A few weeks ago, Jimmy Fallon interviewed the Napster-founder-turned-serial-entrepreneur Sean Parker at NExTWORK. Near the end of the interview, Sean Parker dropped this bomb: “You don’t want people thinking your product is cool, because then you’re a fad.”

I love that. Don’t waste time trying to create a product, venture, organization, event, company, or website that’s cool. Cool doesn’t last — cool is a fad.

Find a real problem in the market and solve it for the people who are suffering, even if they don’t know it. If what you create is cool, great, but don’t start there. Build a solution that’s so good, people would be dumb to go anywhere else. If you can, (and not all products can — car washes, fencers, roof builders, etc.) become an integral part of your users lives — so much so that they don’t actively decide to use your product, they just do.

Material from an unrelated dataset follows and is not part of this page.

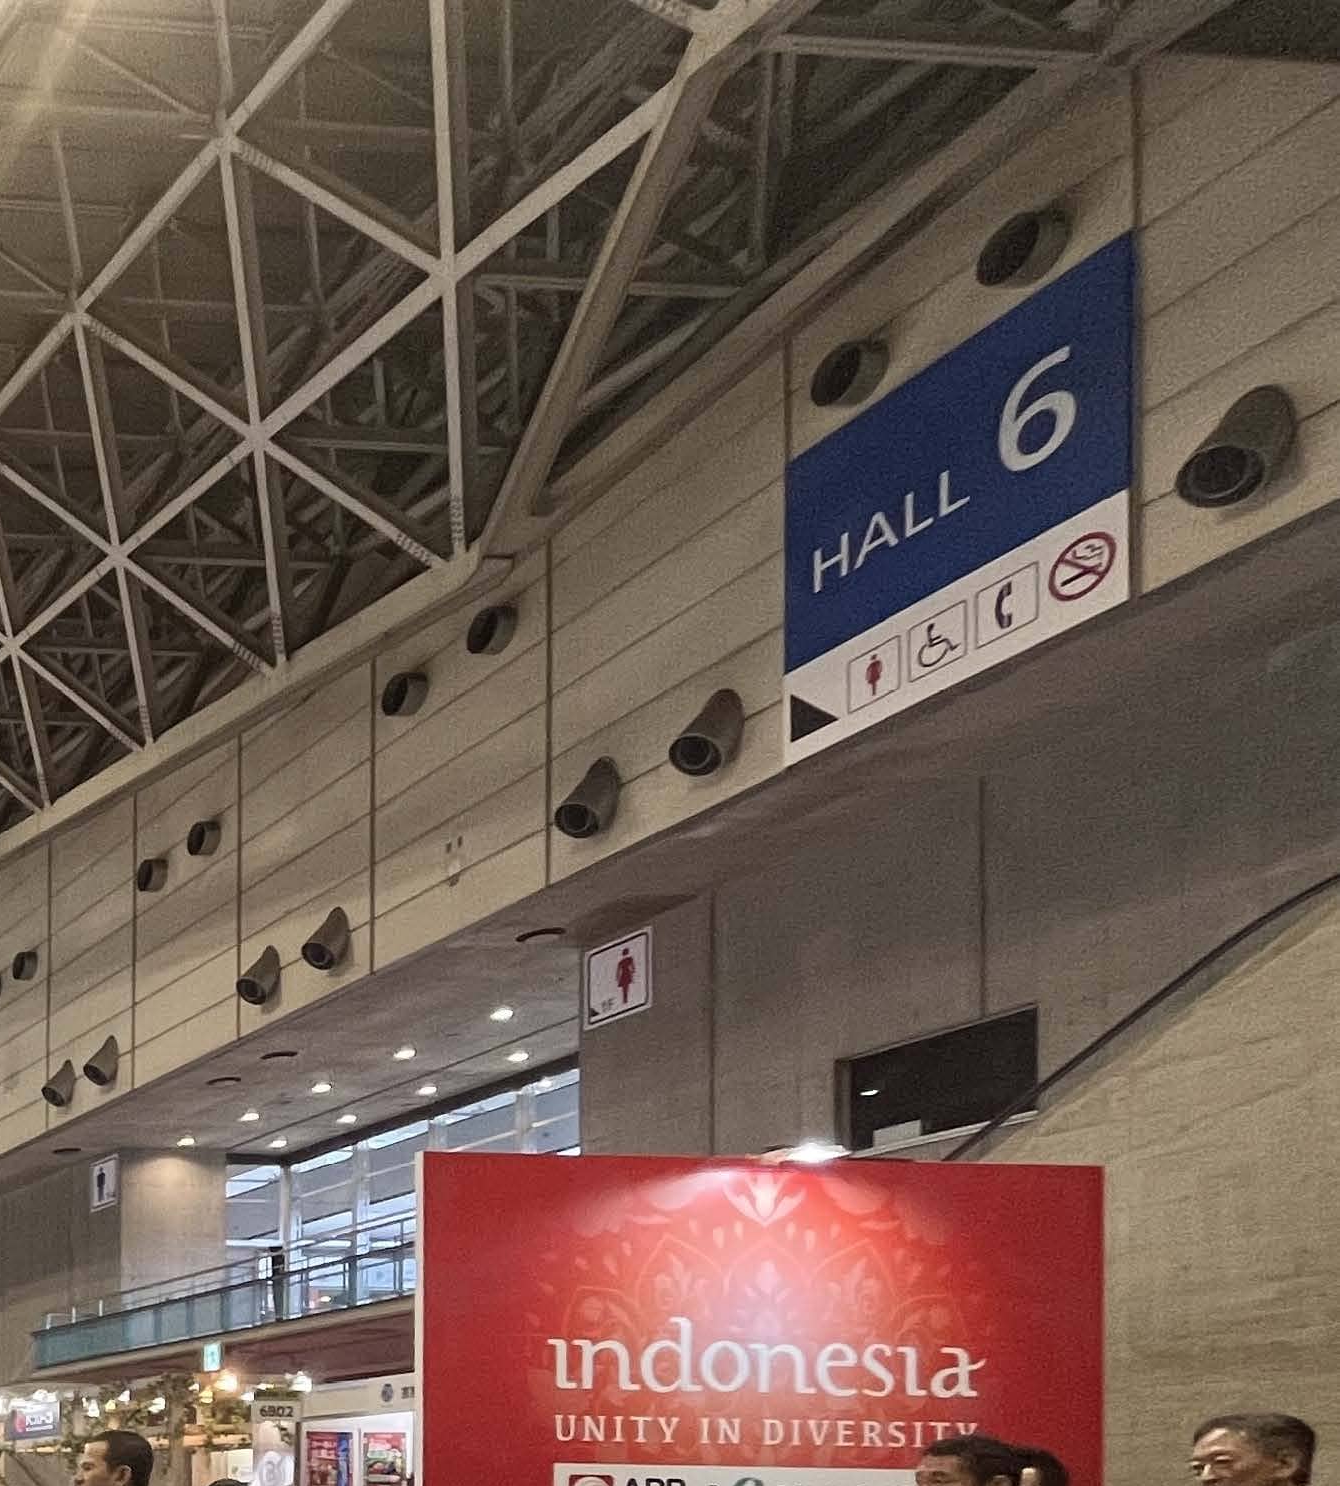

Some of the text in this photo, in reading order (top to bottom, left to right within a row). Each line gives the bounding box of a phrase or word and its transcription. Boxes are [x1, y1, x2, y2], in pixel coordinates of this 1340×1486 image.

[813, 345, 1077, 594] HALL 6
[547, 1317, 987, 1398] indonesia
[554, 1414, 979, 1449] UNITY IN DIVERSITY

You don’t consciously think about signing onto Facebook when you wake up, you just do it. You log on and connect with your friends without even really thinking about what you’re doing. You refresh your Twitter feed on your iPhone without even realizing that you’re on Twitter — you just do it. You watch an episode of Arrested Development on Netflix without really acknowledging what you’re doing or that it’s “cool” — you’re just enjoying watching a TV show.

Don’t try to become cool. Solve a problem. Ingrain your solution into your users’ lives in such an integral way that they don’t think it’s cool — it’s just part of their life.